**Task item**. Word for word, restate the listing; omit the pictures.

**Source information**.
= = = = = = =

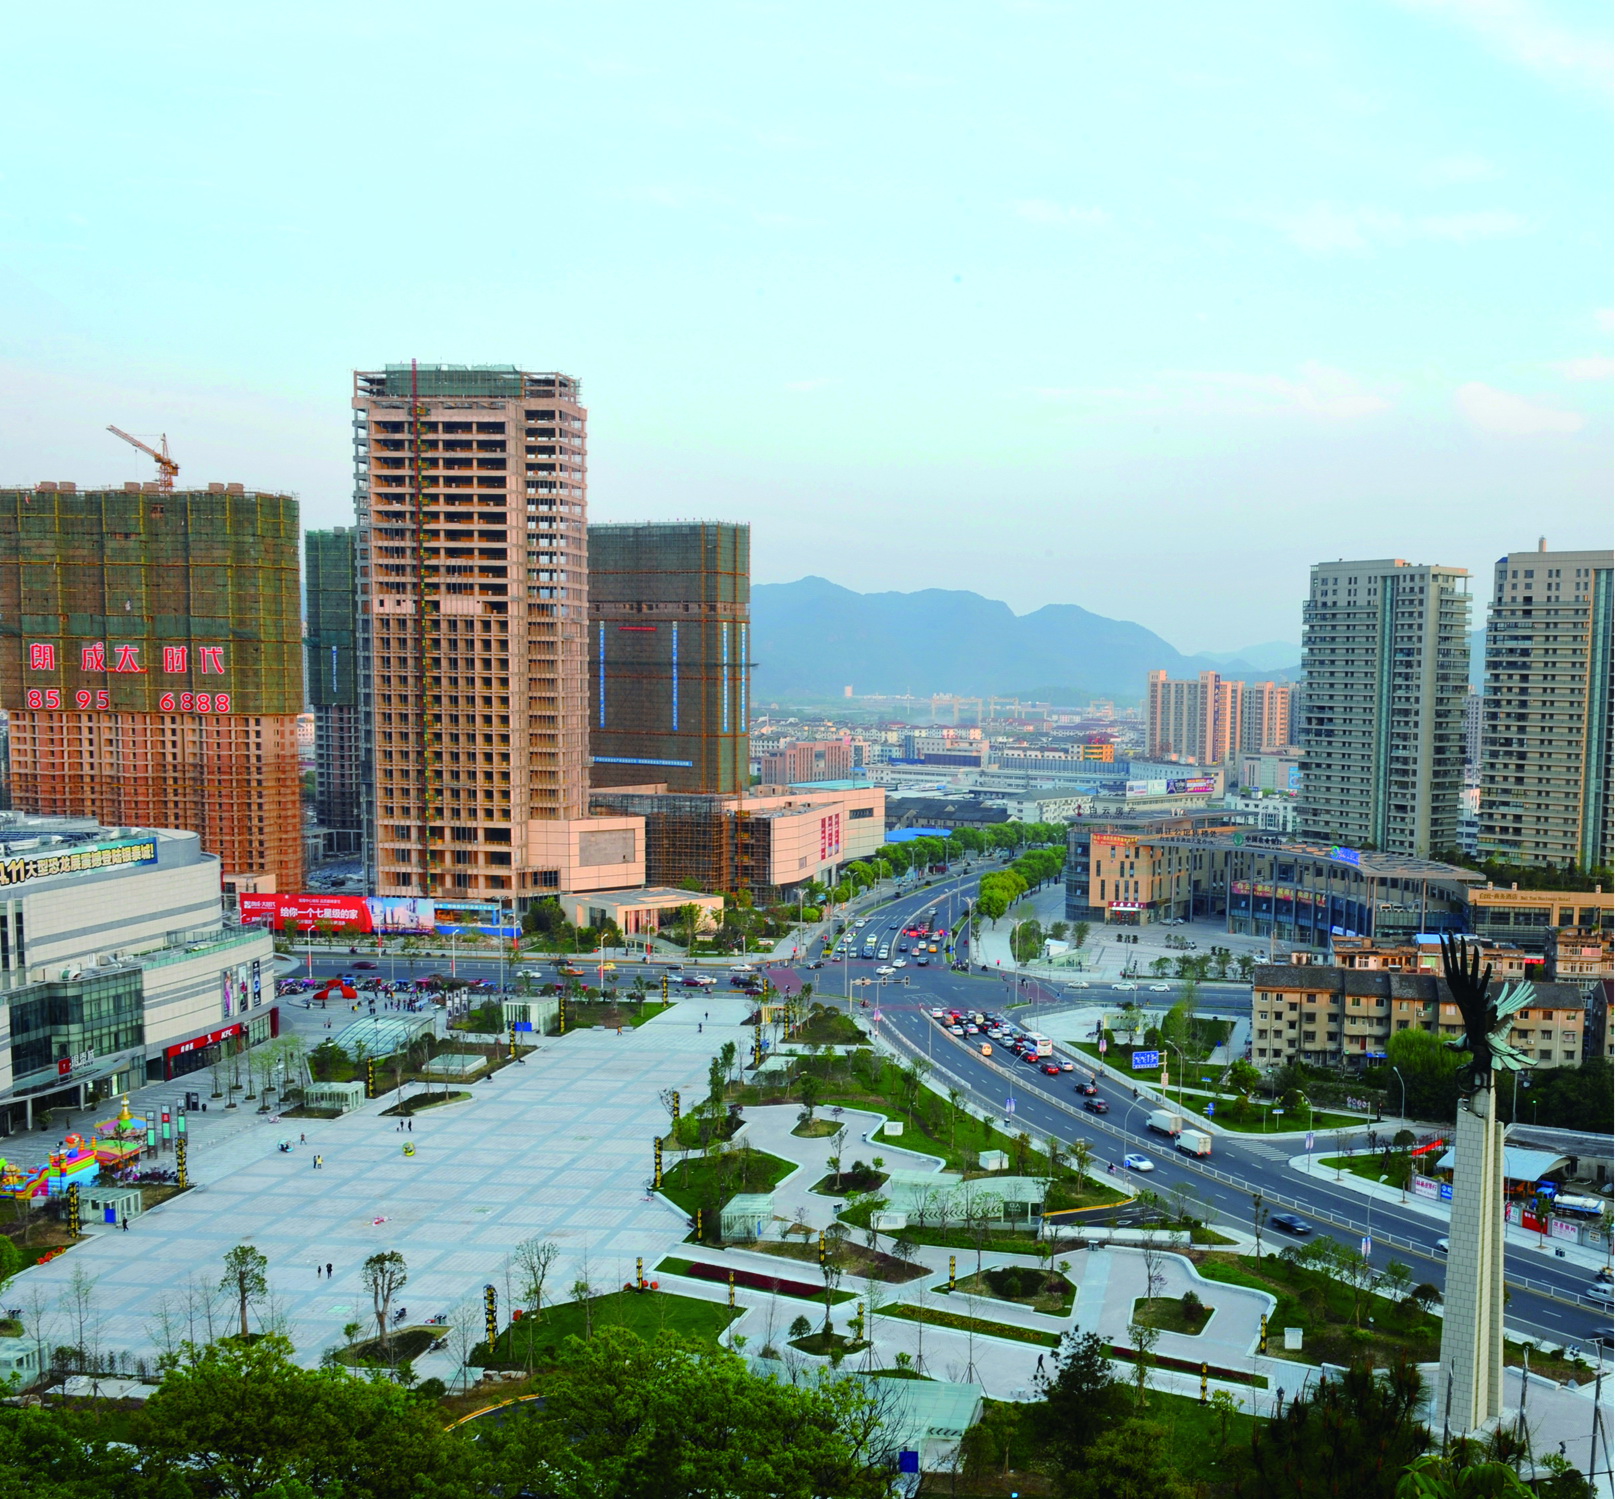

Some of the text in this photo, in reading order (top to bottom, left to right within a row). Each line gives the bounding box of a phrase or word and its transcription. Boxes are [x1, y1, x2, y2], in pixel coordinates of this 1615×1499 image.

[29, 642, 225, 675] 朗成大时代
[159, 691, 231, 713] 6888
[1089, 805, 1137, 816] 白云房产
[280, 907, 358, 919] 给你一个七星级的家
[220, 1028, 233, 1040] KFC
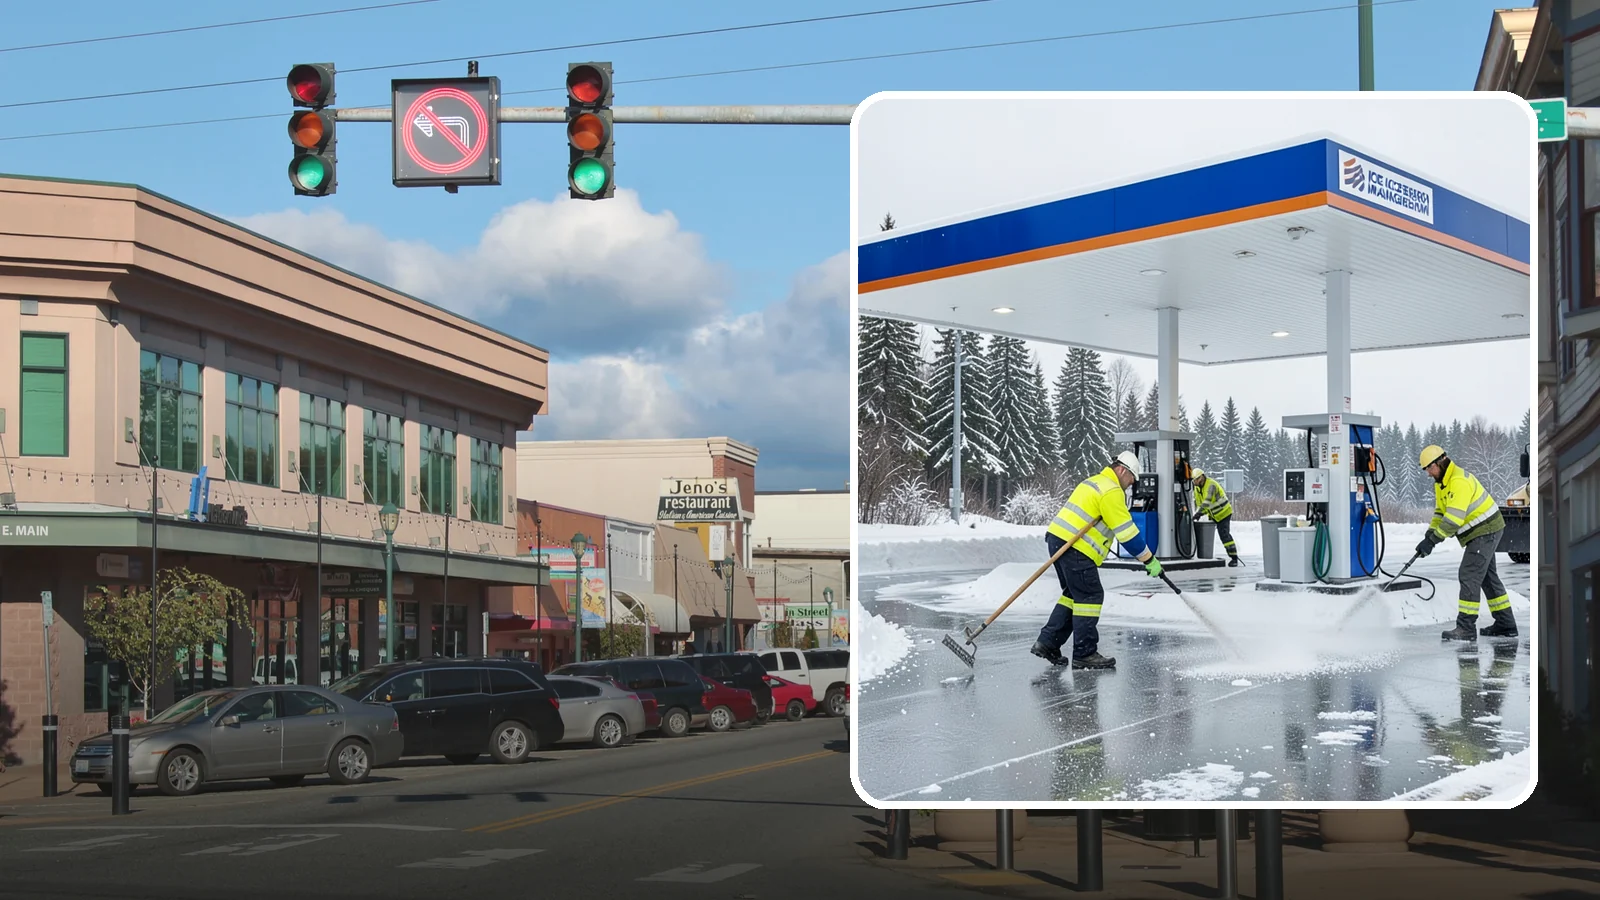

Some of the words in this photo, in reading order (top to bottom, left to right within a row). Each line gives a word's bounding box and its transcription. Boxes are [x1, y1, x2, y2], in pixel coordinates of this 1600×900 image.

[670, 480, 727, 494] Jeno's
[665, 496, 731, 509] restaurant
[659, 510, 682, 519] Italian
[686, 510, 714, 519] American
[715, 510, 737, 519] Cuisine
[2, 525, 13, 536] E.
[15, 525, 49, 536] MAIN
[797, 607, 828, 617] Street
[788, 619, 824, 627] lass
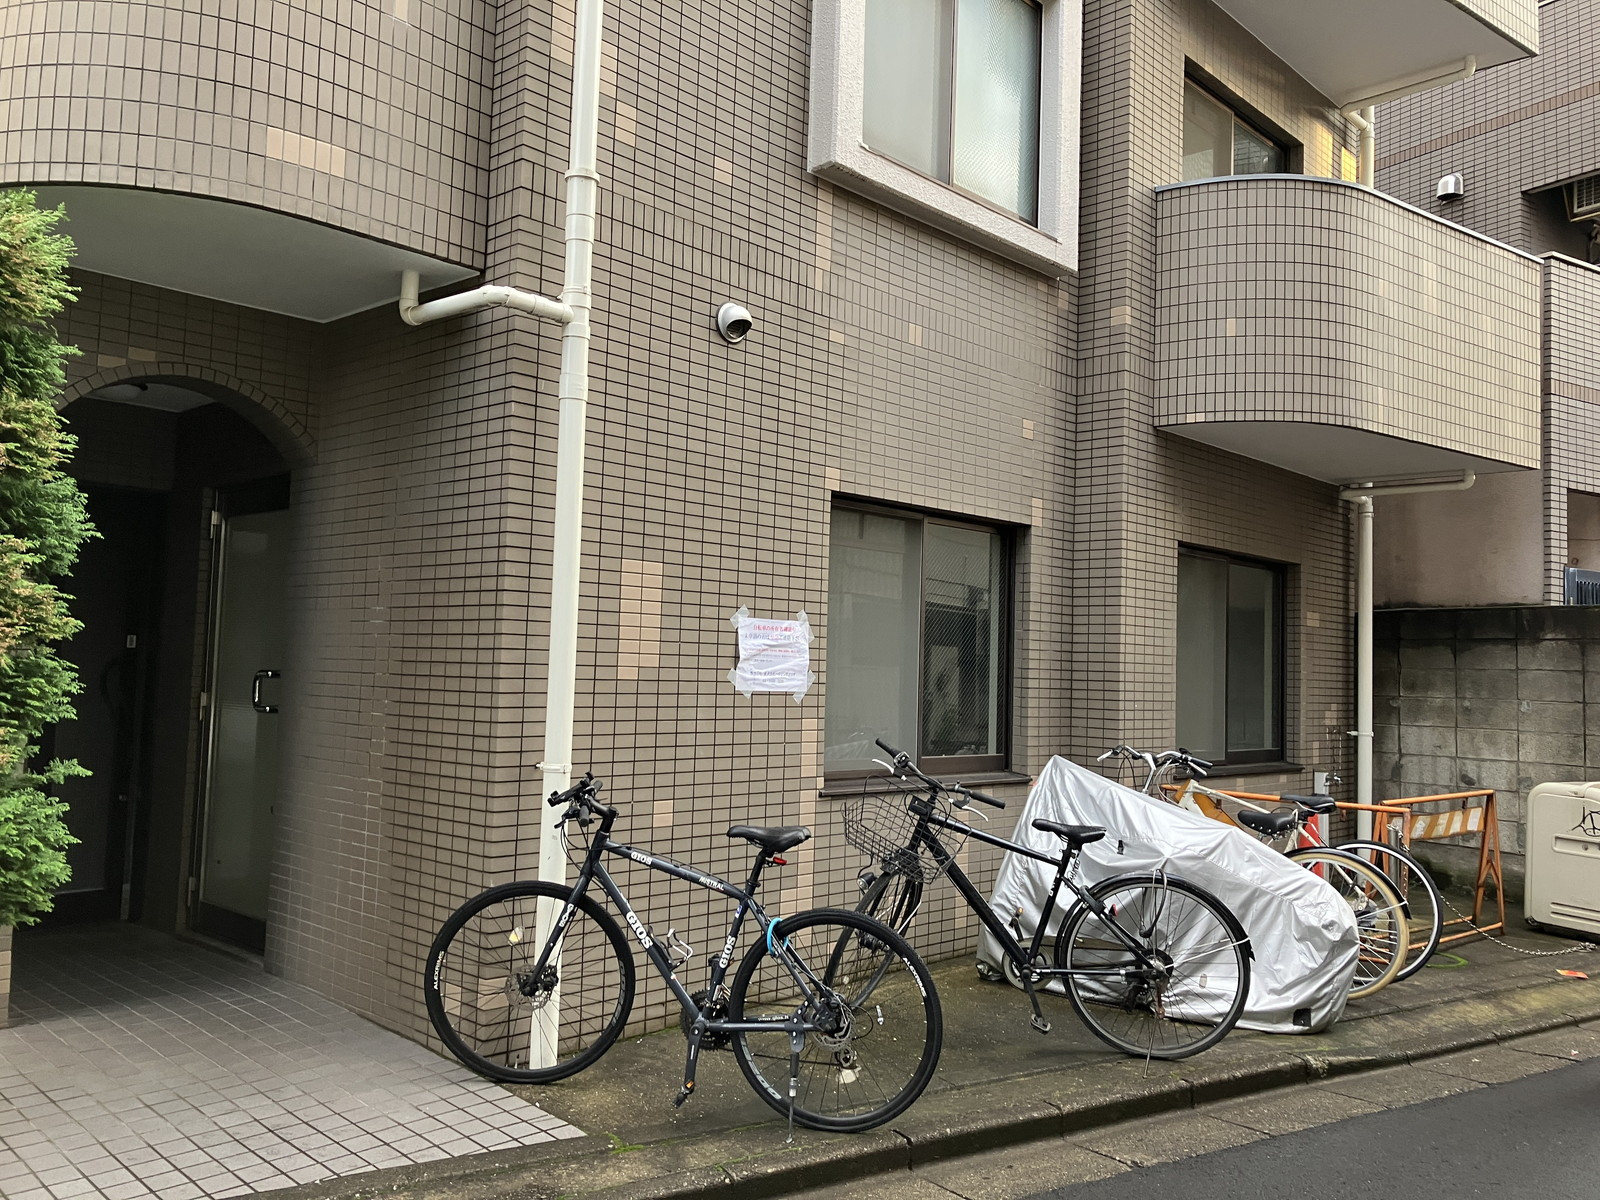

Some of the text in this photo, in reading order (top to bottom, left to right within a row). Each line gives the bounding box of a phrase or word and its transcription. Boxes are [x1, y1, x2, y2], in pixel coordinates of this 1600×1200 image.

= = = = = = =

**Result**.
Some of the text in this photo, in reading order (top to bottom, left to right within a row). Each line gives the bounding box of a phrase or word and its transcription. Boxes are [x1, y1, x2, y2], in pixel coordinates of this 1615×1499 image.

[29, 642, 225, 675] 朗成大时代
[159, 691, 231, 713] 6888
[1089, 805, 1137, 816] 白云房产
[280, 907, 358, 919] 给你一个七星级的家
[220, 1028, 233, 1040] KFC

Some of the words in this photo, in reading order (top to bottom, left to right within a row). Each line gives a word's bounding box and its transcription. Boxes are [x1, y1, x2, y2], in pixel coordinates of this 1600×900 image.

[670, 480, 727, 494] Jeno's
[665, 496, 731, 509] restaurant
[659, 510, 682, 519] Italian
[686, 510, 714, 519] American
[715, 510, 737, 519] Cuisine
[2, 525, 13, 536] E.
[15, 525, 49, 536] MAIN
[797, 607, 828, 617] Street
[788, 619, 824, 627] lass

Some of the text in this photo, in reading order (top to bottom, left to right within a row). Each line gives the bounding box of a phrase or word and its transcription. Boxes are [x1, y1, x2, y2], in pixel coordinates of this 1600×1200 image.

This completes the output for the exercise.